• Aim of the task:
A word-for-word copy of the records below is needed, without the images.

─── Supplied data

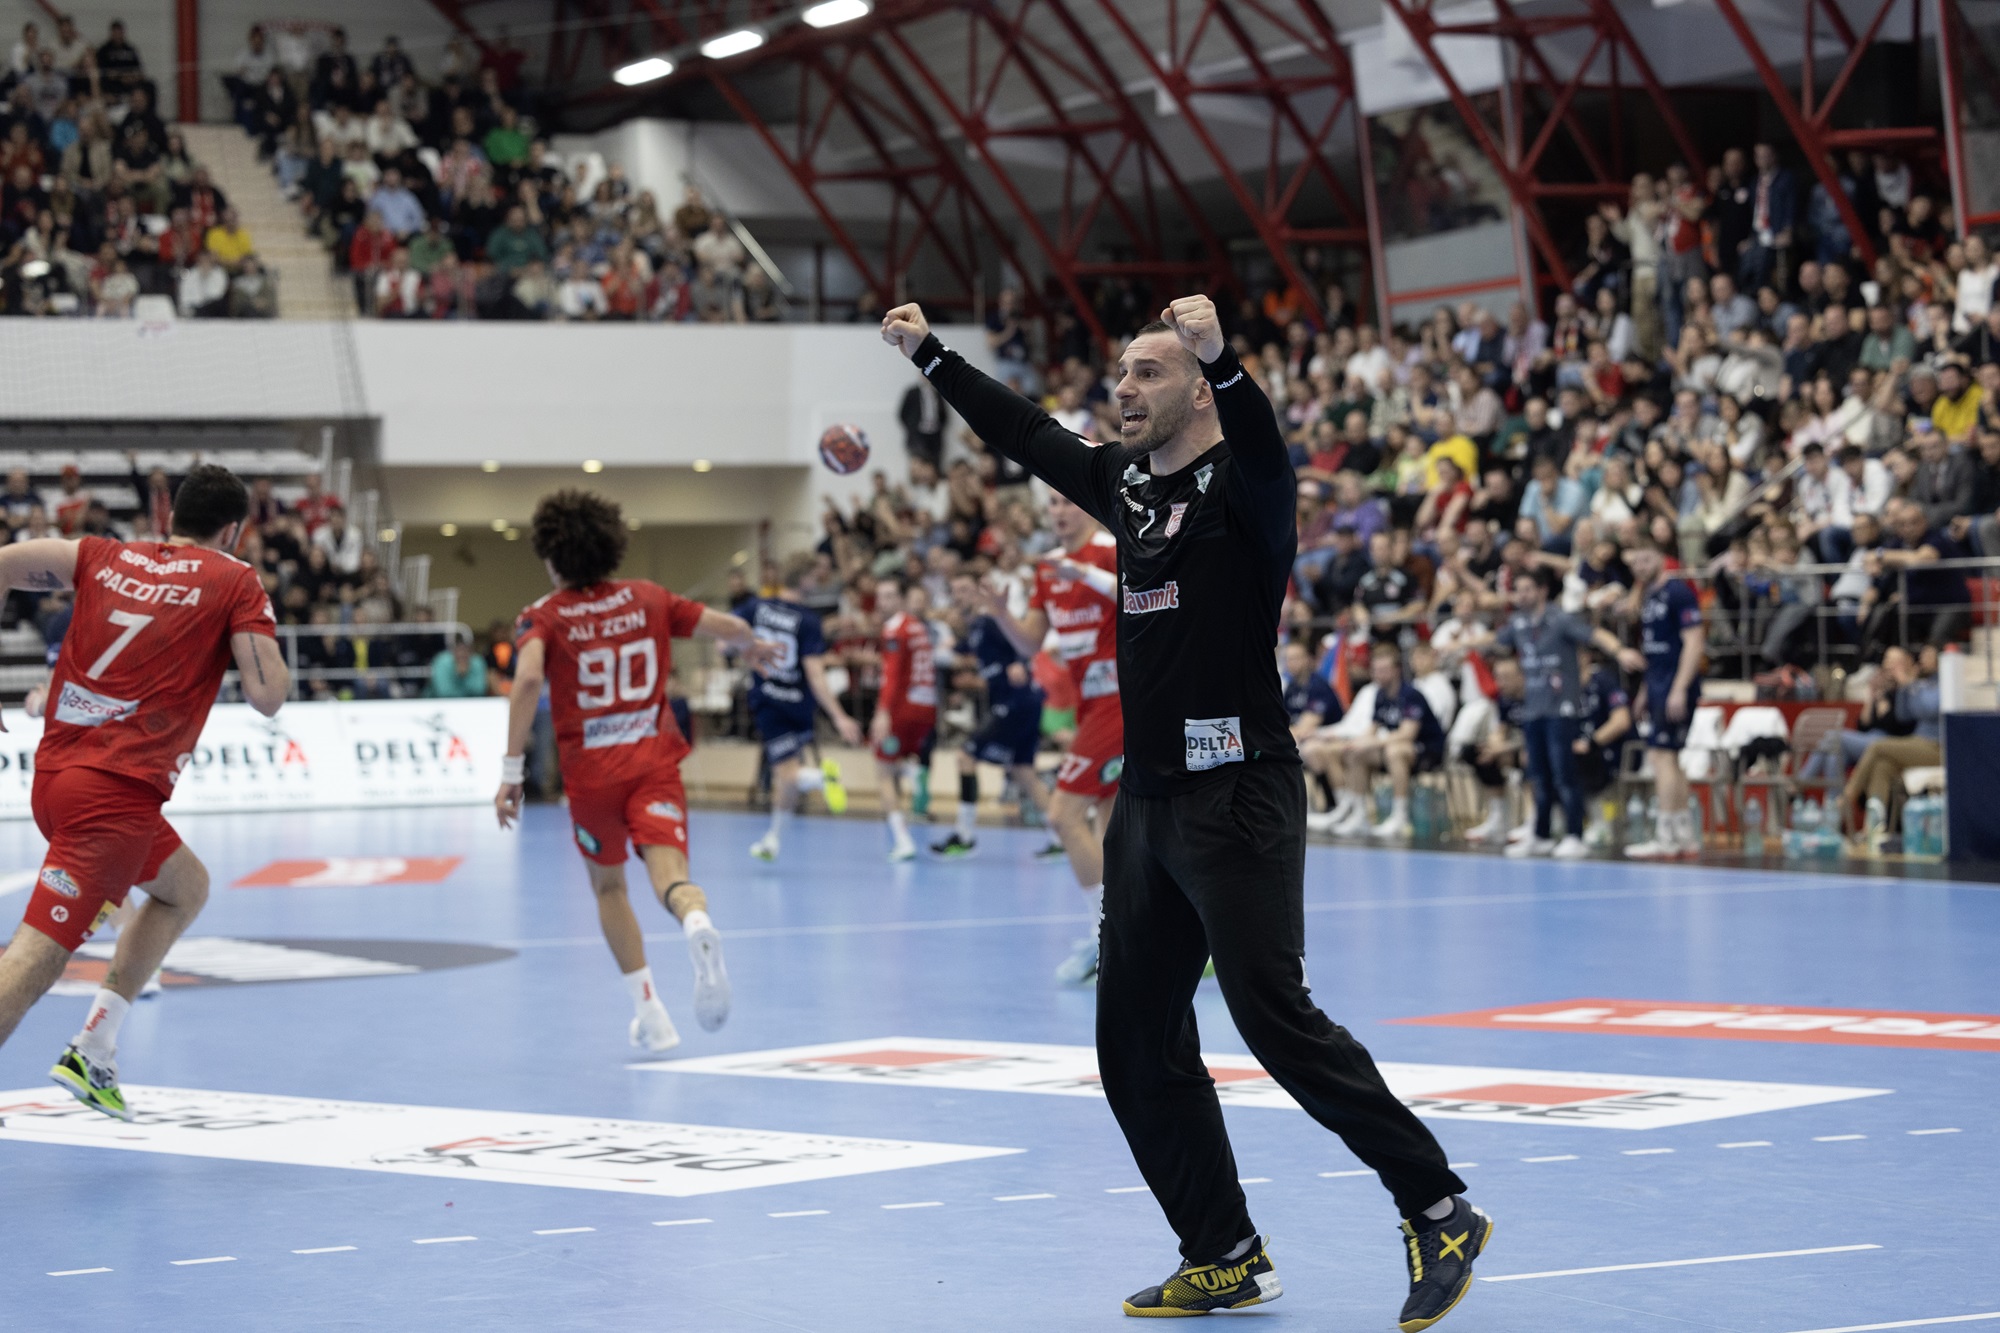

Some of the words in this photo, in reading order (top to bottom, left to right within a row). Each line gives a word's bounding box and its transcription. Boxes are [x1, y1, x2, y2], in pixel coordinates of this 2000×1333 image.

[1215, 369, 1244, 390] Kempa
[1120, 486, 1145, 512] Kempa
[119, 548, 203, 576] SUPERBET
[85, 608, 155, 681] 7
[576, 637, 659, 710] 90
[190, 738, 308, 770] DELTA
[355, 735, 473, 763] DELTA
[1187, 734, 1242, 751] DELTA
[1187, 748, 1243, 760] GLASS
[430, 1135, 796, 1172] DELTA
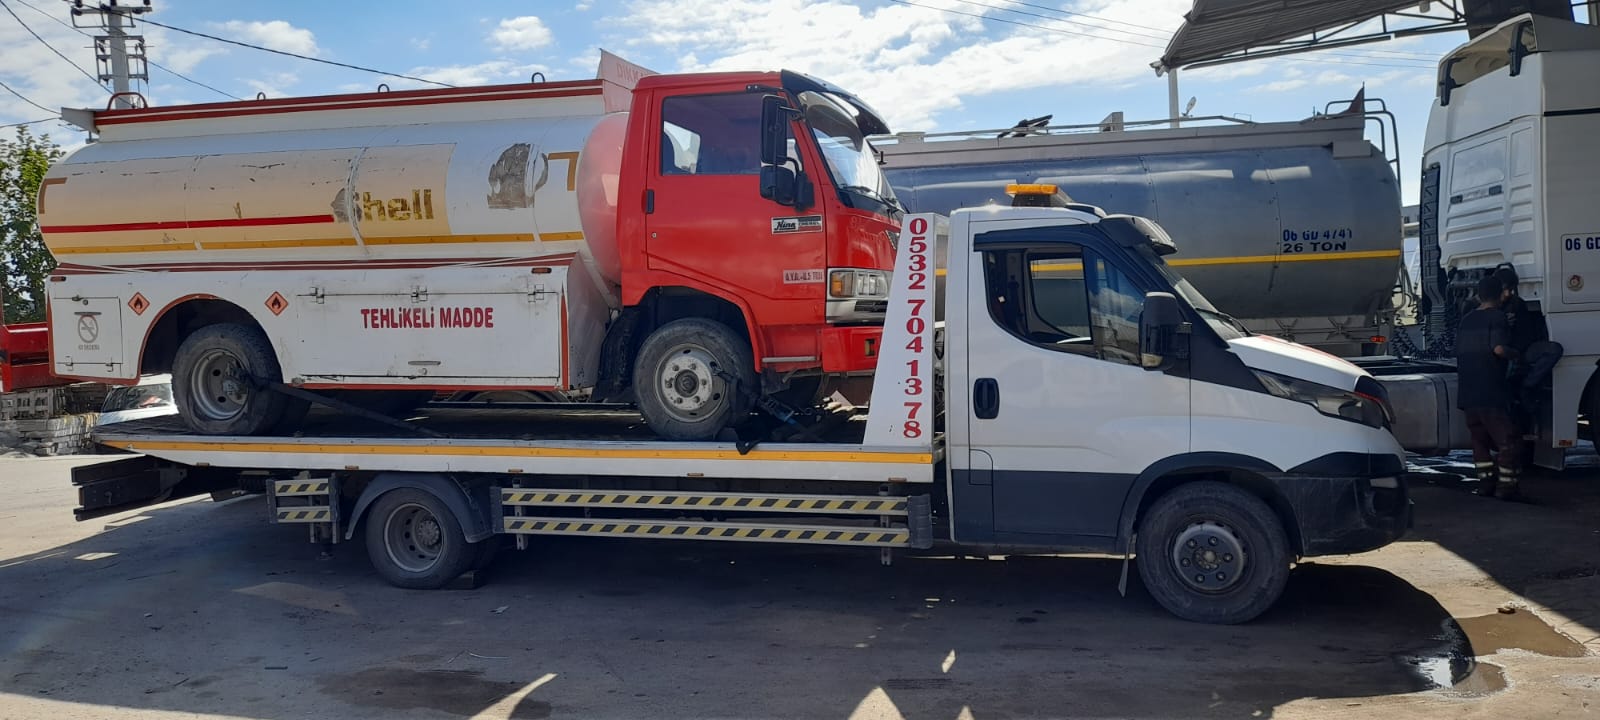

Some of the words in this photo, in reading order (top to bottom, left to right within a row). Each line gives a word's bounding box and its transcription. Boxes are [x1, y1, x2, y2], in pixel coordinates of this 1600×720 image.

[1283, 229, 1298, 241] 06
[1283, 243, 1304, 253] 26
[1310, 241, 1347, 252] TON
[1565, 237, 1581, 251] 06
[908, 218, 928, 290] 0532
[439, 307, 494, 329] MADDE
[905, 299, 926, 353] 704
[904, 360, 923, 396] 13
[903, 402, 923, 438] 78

──────

• Answer box:
Some of the words in this photo, in reading order (top to bottom, left to right within a row). Each line gives a word's bounding box and its transcription. Boxes are [x1, y1, x2, y2], in pixel coordinates of this 2000×1333 image.

[1215, 369, 1244, 390] Kempa
[1120, 486, 1145, 512] Kempa
[119, 548, 203, 576] SUPERBET
[85, 608, 155, 681] 7
[576, 637, 659, 710] 90
[190, 738, 308, 770] DELTA
[355, 735, 473, 763] DELTA
[1187, 734, 1242, 751] DELTA
[1187, 748, 1243, 760] GLASS
[430, 1135, 796, 1172] DELTA

Some of the words in this photo, in reading order (top to bottom, left to right within a row). Each line gives a word's bounding box and its transcription. Boxes are [x1, y1, x2, y2], in pixel coordinates of this 1600×720 image.

[1283, 229, 1298, 241] 06
[1283, 243, 1304, 253] 26
[1310, 241, 1347, 252] TON
[1565, 237, 1581, 251] 06
[908, 218, 928, 290] 0532
[439, 307, 494, 329] MADDE
[905, 299, 926, 353] 704
[904, 360, 923, 396] 13
[903, 402, 923, 438] 78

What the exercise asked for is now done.